*What is being asked*
Without the pictures, copy all of the data exactly.

[Dataset entries]
####
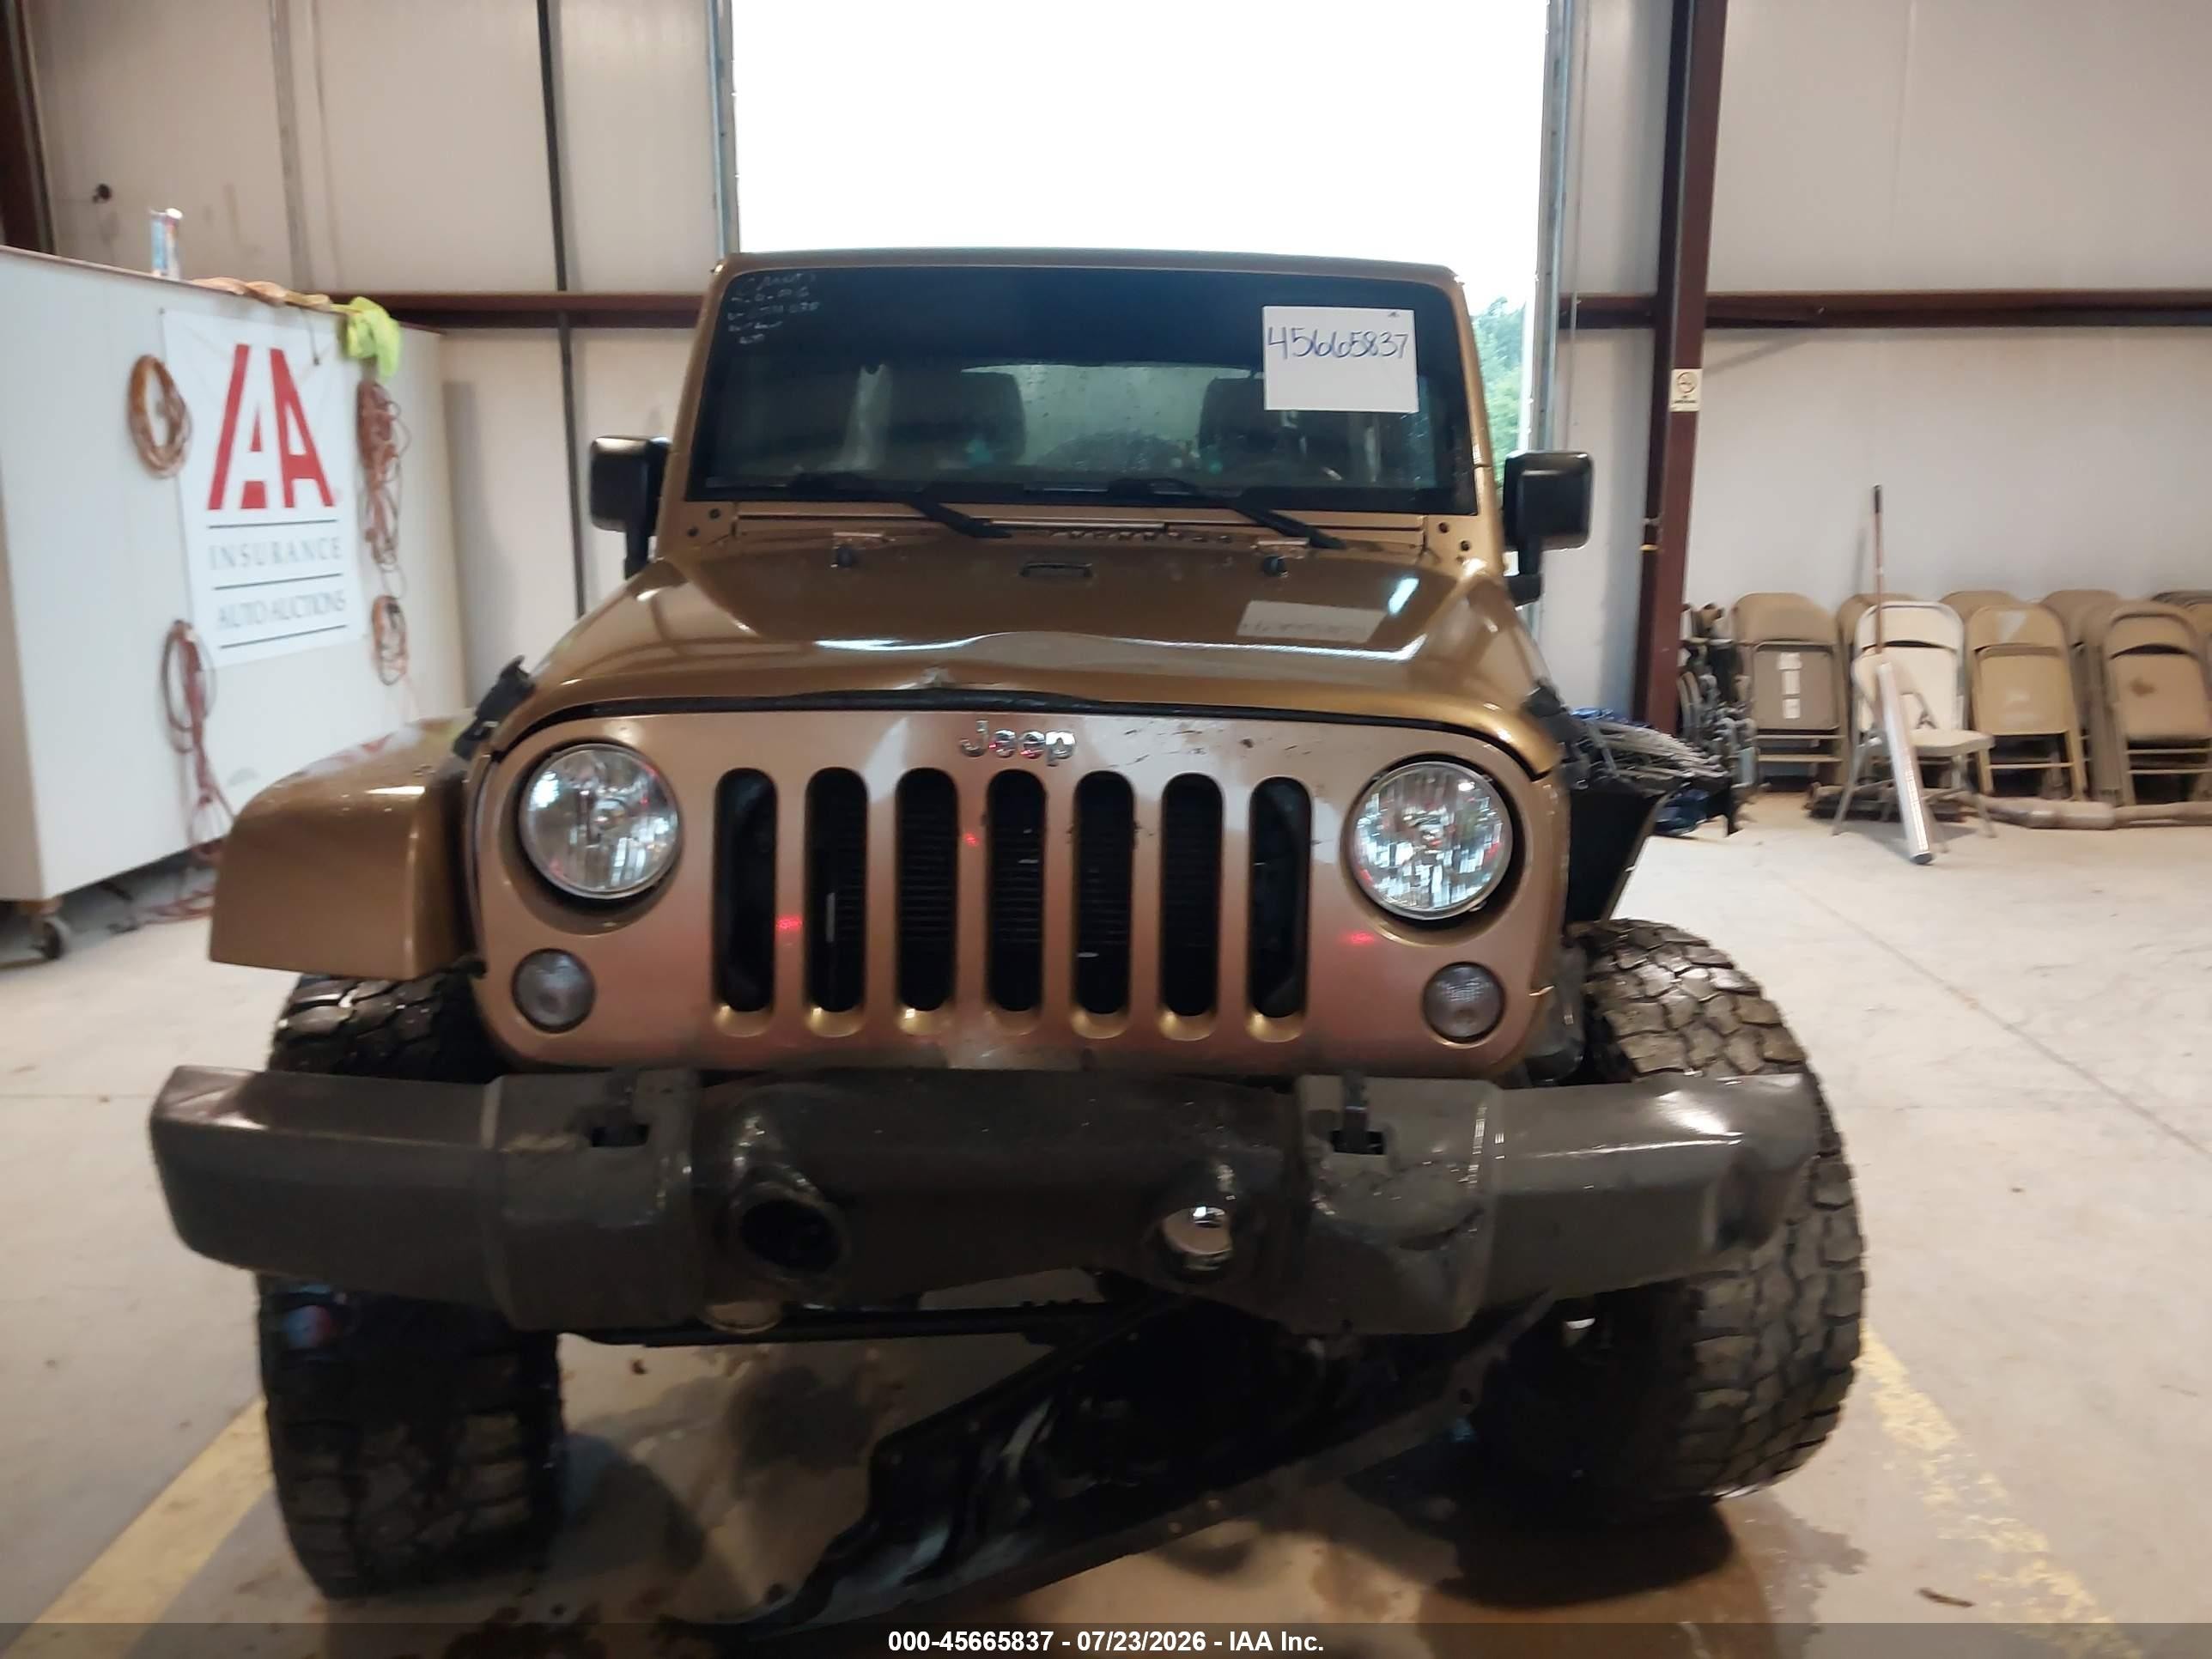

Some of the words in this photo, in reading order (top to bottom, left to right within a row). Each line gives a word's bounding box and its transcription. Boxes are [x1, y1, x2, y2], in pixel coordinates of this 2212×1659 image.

[1267, 325, 1409, 360] 45665837
[208, 537, 343, 570] INSURANCE
[216, 599, 268, 630] AUTO
[270, 590, 346, 622] AUCTIONS
[958, 720, 1076, 767] Jeep
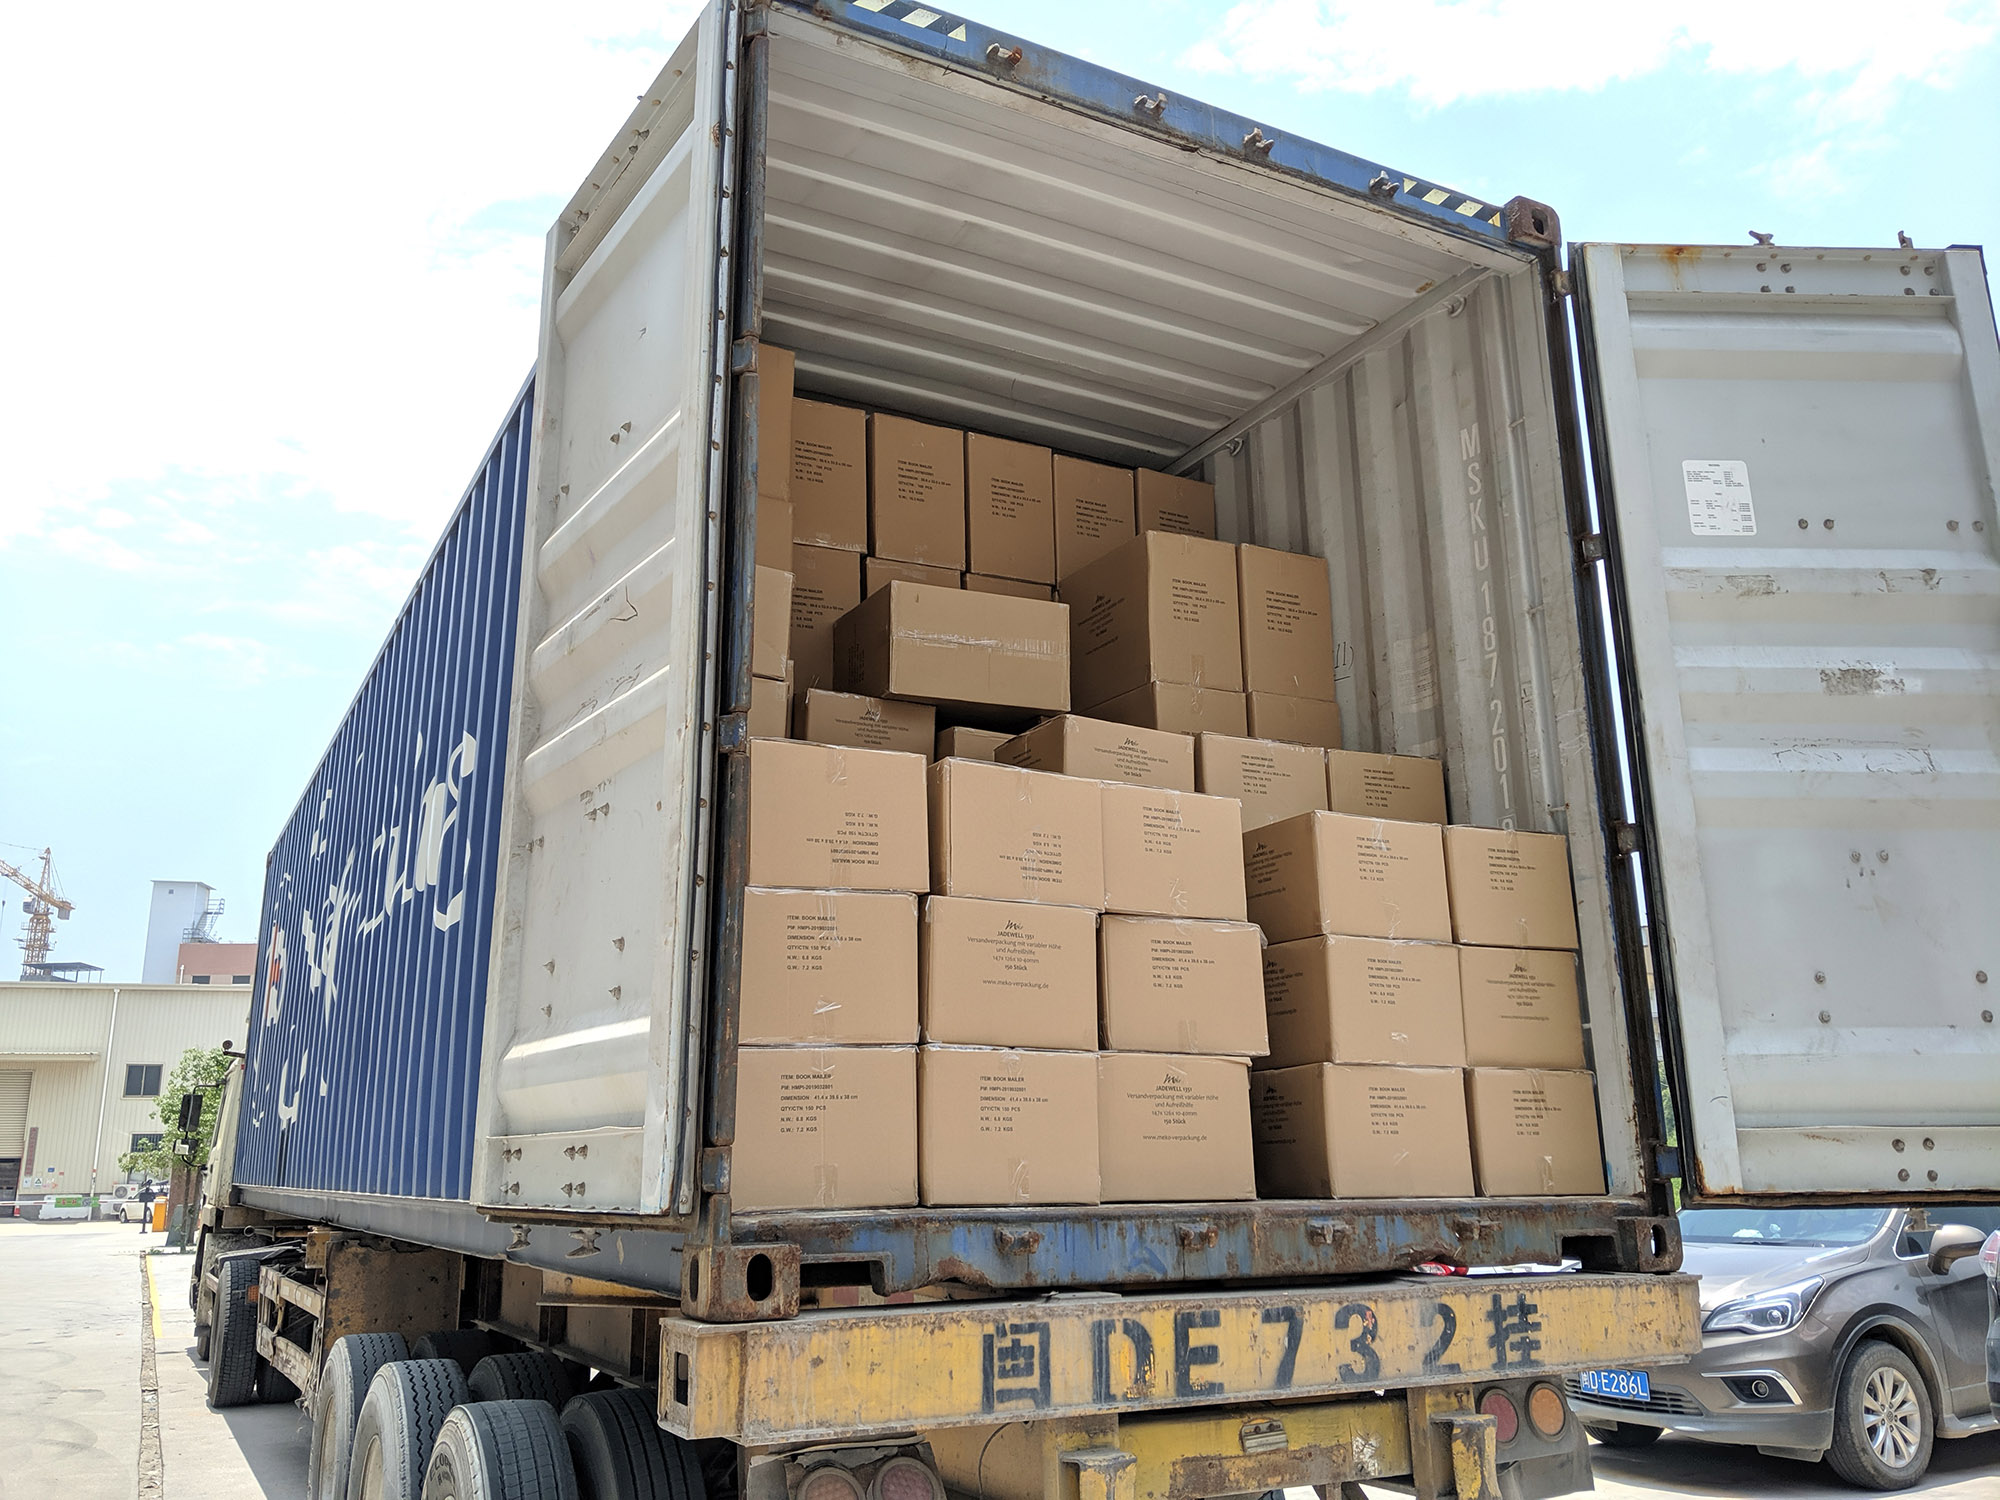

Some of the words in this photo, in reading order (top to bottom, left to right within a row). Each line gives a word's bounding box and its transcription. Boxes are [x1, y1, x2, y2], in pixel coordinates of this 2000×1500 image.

[997, 931, 1024, 939] JADEWELL
[967, 936, 1017, 947] Versandverpackung
[1007, 948, 1035, 956] Aufreißhilfe
[982, 979, 1049, 990] www.meko-verpackung.de
[1127, 1093, 1175, 1101] Versandverpackung
[1142, 1134, 1207, 1142] www.meko-verpackung.de
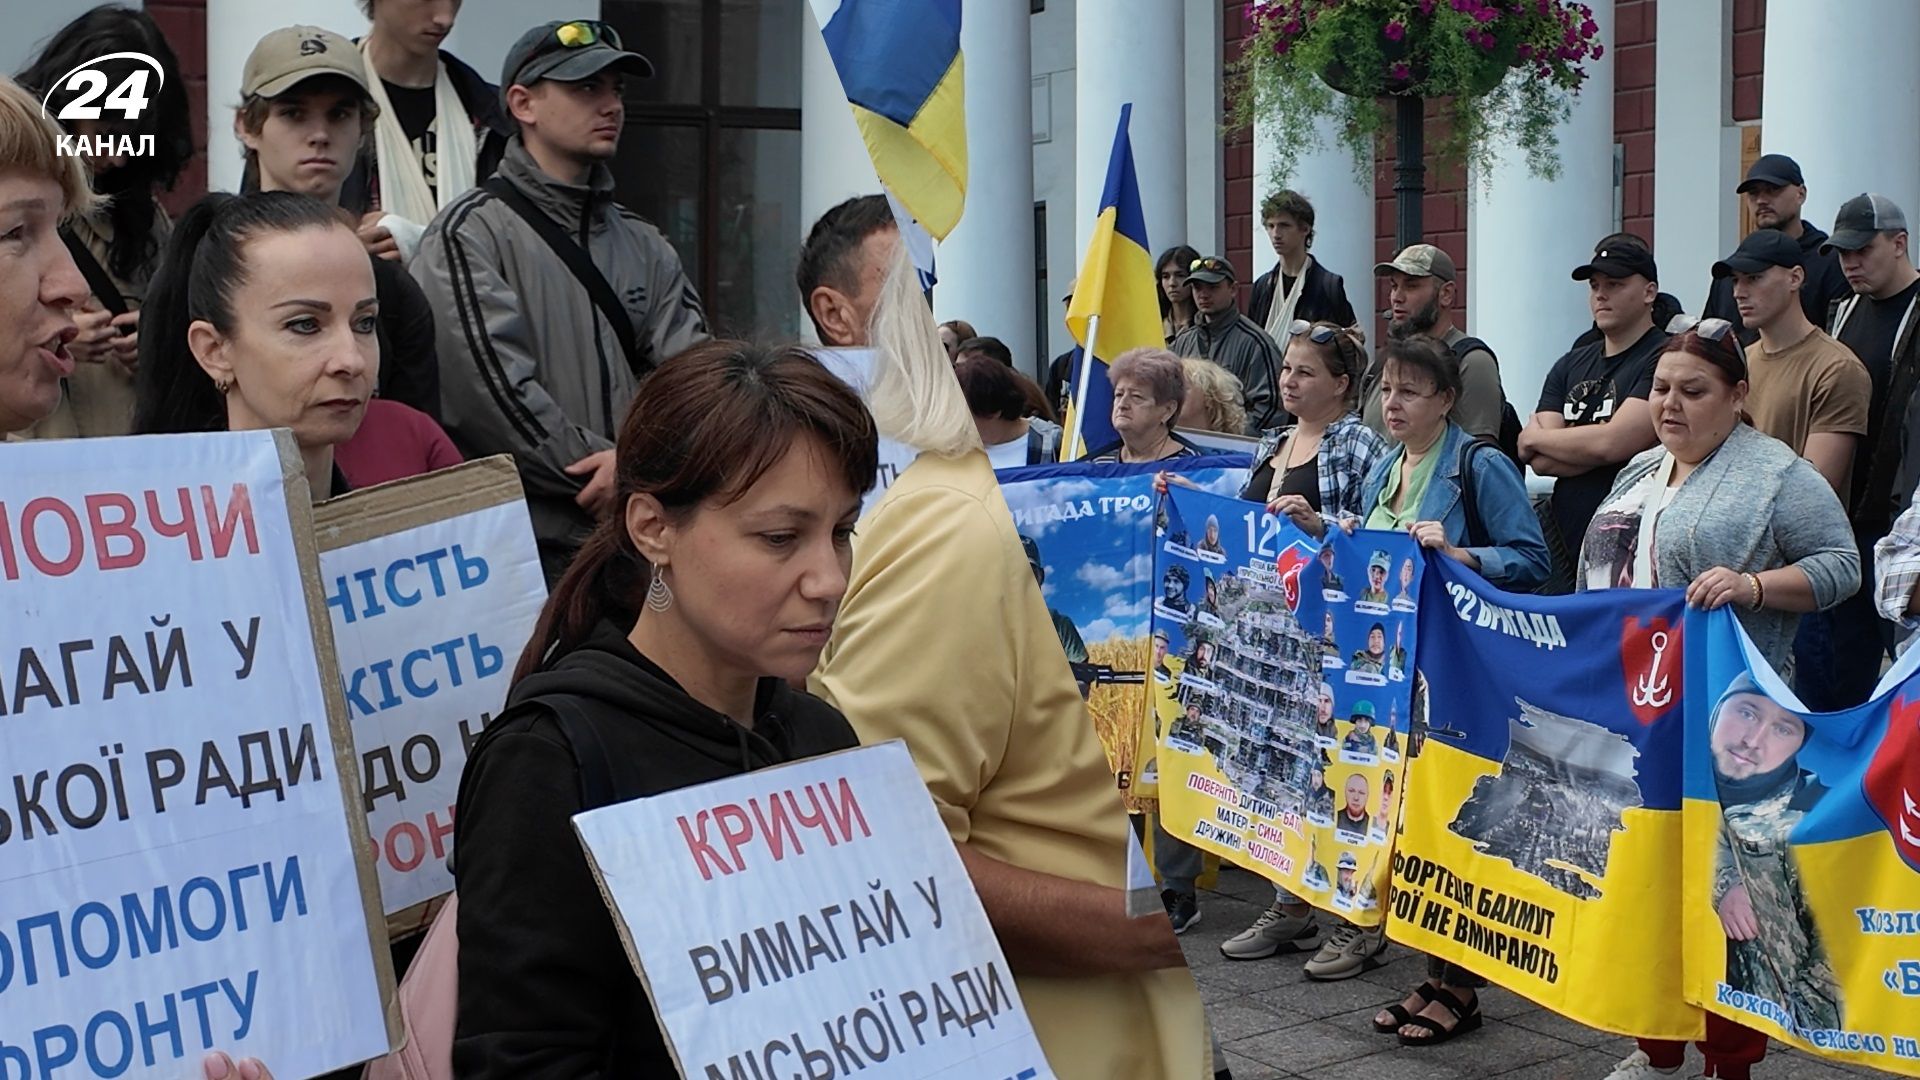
####
*Response box*
Some of the words in this photo, in reading order (top to bottom, left to right within a row). Each line gives a word's bounding box and its transcription. Boxes are [x1, y1, x2, y2], in pixel coordinates of this 2212×1659 image.

[1267, 325, 1409, 360] 45665837
[208, 537, 343, 570] INSURANCE
[216, 599, 268, 630] AUTO
[270, 590, 346, 622] AUCTIONS
[958, 720, 1076, 767] Jeep

Some of the words in this photo, in reading order (top to bottom, left to right within a row). Each line gives a word's bounding box and its transcription. Boxes are [x1, y1, x2, y2], in pixel coordinates of this 2000×1500 image.

[997, 931, 1024, 939] JADEWELL
[967, 936, 1017, 947] Versandverpackung
[1007, 948, 1035, 956] Aufreißhilfe
[982, 979, 1049, 990] www.meko-verpackung.de
[1127, 1093, 1175, 1101] Versandverpackung
[1142, 1134, 1207, 1142] www.meko-verpackung.de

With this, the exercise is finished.